Examples of organic solvents being referred to as residual organic solvents as well as organic solvents used in the preparation of the above-mentioned filgotinib sulfate polymorphs can be methanol, ethanol, isopropanol, acetone, ethylacetate, dichloro methane, trichloromethane, dioxane, tetrahydrofurane, acetonitrile, diethylether and tert-batyl methyl ether, preferably dichloromethane, methanol and a mixture of dichloromethane and methanol. The present invention furthermore relates to pharmaceutical compositions comprising the compounds of the invention, in particular filgotinib hydrochloride Form E and Form F. The parmaceutical formulation can preferebly be further processed to an oral doasage form, such as a capsule or tablet.

The present pharmaceutical composition and/or the oral dosage form of the present invention can be prepared by the methods well known to a person skilled in the art such as dry and wet granulation and direct compresion. The pharmaceutical composition can additionally contain one or more pharmaceutically acceptable excipient(s), such as fillers, binders, glidants, disintegrants, lubricants, flow regulating agents and release agents. Suitable excipients are for example disclosed in "Lexikon der Hilfsstoffe fiir Pharmazie, Kosmetik und angrenzende Gebiete", published by H.P. Fielder, 4^th Edition and "Handbook of Pharmaceutical Excipients", 3^rd Edition, published by A.H. Kibbe, American Pharmaceutical Association, Washington, USA, and Pharmaceutical Press, London.

The term filler generally means substances which serve to form the body of the tablet in the case of tablets with small amounts of active agent (e.g. less than 60% by weight). This means that fillers "dilute" the active agent(s) in order to produce an adequate tablet compression mixture.
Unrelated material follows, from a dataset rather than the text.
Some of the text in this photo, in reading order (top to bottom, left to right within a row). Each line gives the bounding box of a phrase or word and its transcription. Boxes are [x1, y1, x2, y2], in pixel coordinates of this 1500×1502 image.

The normal purpose of fillers therefore is to obtain a suitable tablet size. Examples of preferred fillers are lactose, lactose derivatives, starch, starch derivatives, treated starch, chitin, cellulose and derivatives thereof, calcium phosphate, calcium hydrogen phosphate, sucrose, calcium carbonate, magnesium carbonate, magnesium oxide, maltodextrin, calcium sulphate, dextrates, dextrin and/or dextrose, hydrogenated vegetable oil. Fillers can be present in an amount of 0 to 80% by weight, preferably in an amount of 10 to 60% by weight of the total weight of the composition.
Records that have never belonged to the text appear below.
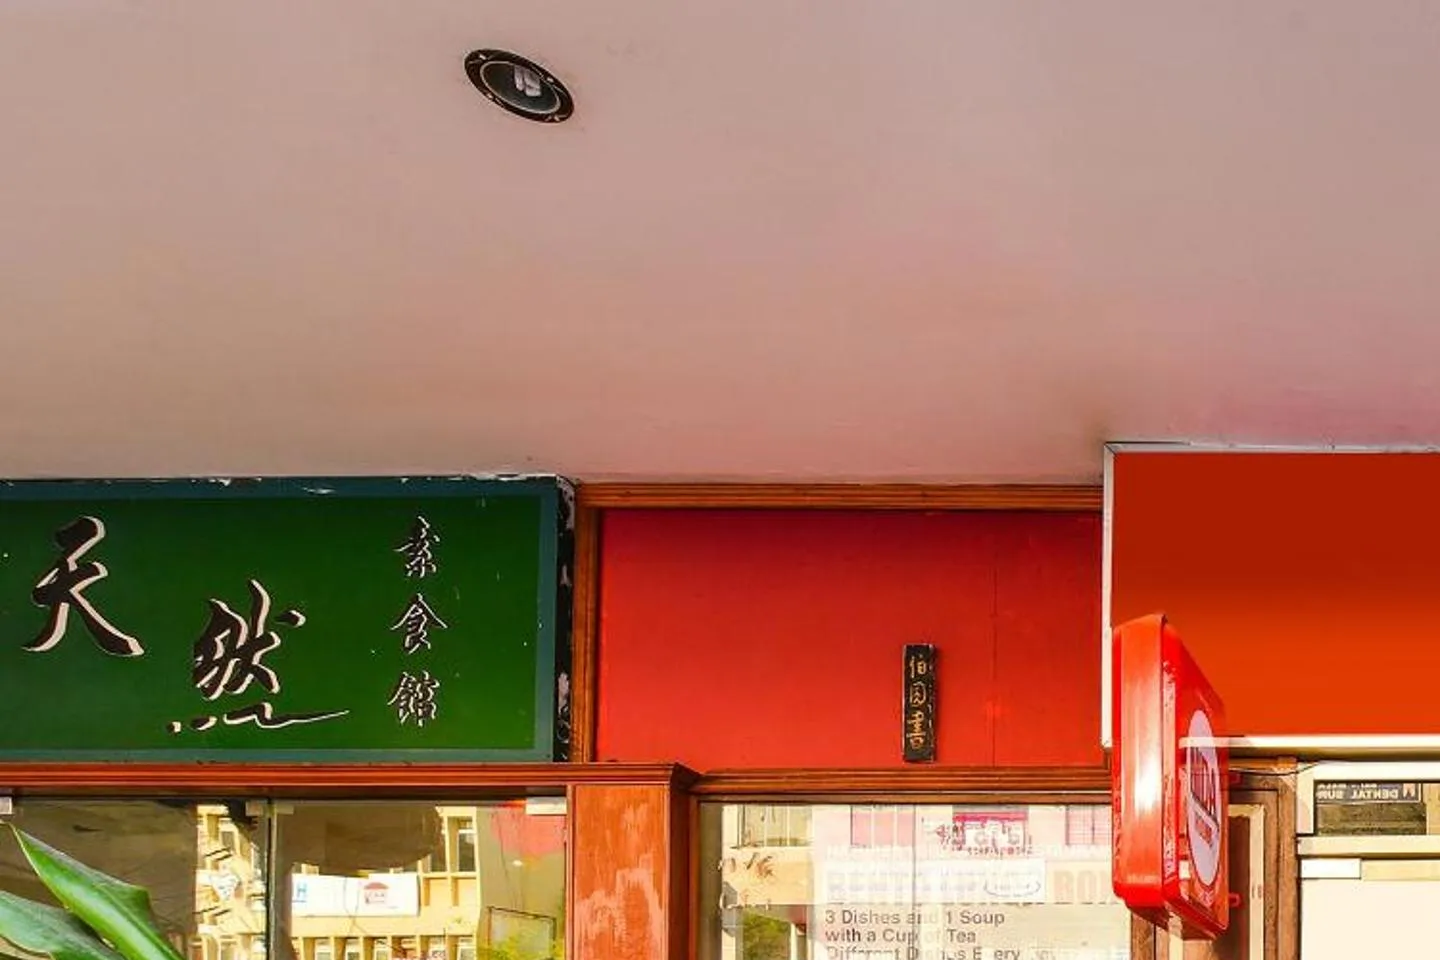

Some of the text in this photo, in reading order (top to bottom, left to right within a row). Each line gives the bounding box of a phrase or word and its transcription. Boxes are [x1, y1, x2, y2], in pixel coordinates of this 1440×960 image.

[825, 909, 836, 925] 3
[841, 908, 901, 925] Dishes
[959, 909, 1006, 930] Soup
[825, 928, 862, 943] with
[866, 931, 877, 943] a
[882, 928, 919, 946] Cup
[946, 928, 977, 943] Tea
A binder is generally a substance which is capable of increasing the strength of the resulting dosage form, especially the resulting tablets. Suitable binders are for example polyvinylpyrrolidone, hydroxypropyl cellulose, hydroxypropyl methylcellulose, methylcellulose, hydroxyethyl cellulose, sugars, dextran, corn starch. Binders can be present in an amount of 0 to 30% by weight, preferably in an amount of 2 to 15% by weight of the total weight of the composition.

Glidants can be used to improve the flowability. Suitable glidants are for example alkaline earth metal salts of fatty acids, like stearic acid. The glidant can be present for example in an amount of 0 to 2% by weight, preferably in an amount of 0.5 to 1.5% by weight of the total weight of the composition.

Disintegrants are compounds which enhance the ability of the dosage form, preferably the ability of the tablet, to break into smaller fragments when in contact with a liquid, preferably water. Suitable disintegrants are for example croscarmellose sodium, sodium carboxymefhyl starch, crosslinked polyvinylpyrrolidone (crospovidone), sodium carboxymethylglycolate (such as Explotab) and sodium bicarbonate. The disintegrant can be present in an amount of 0 to 20% by weight, preferably in an amount of 1 to 15% by weight of the total weight of the composition. A suitable flow regulating agent is for example colloidal silica. The flow regulating agent can be present in an amount of 0 to 8% by weight, preferably in an amount of 0.1 to 3% by weight of the total weight of this composition.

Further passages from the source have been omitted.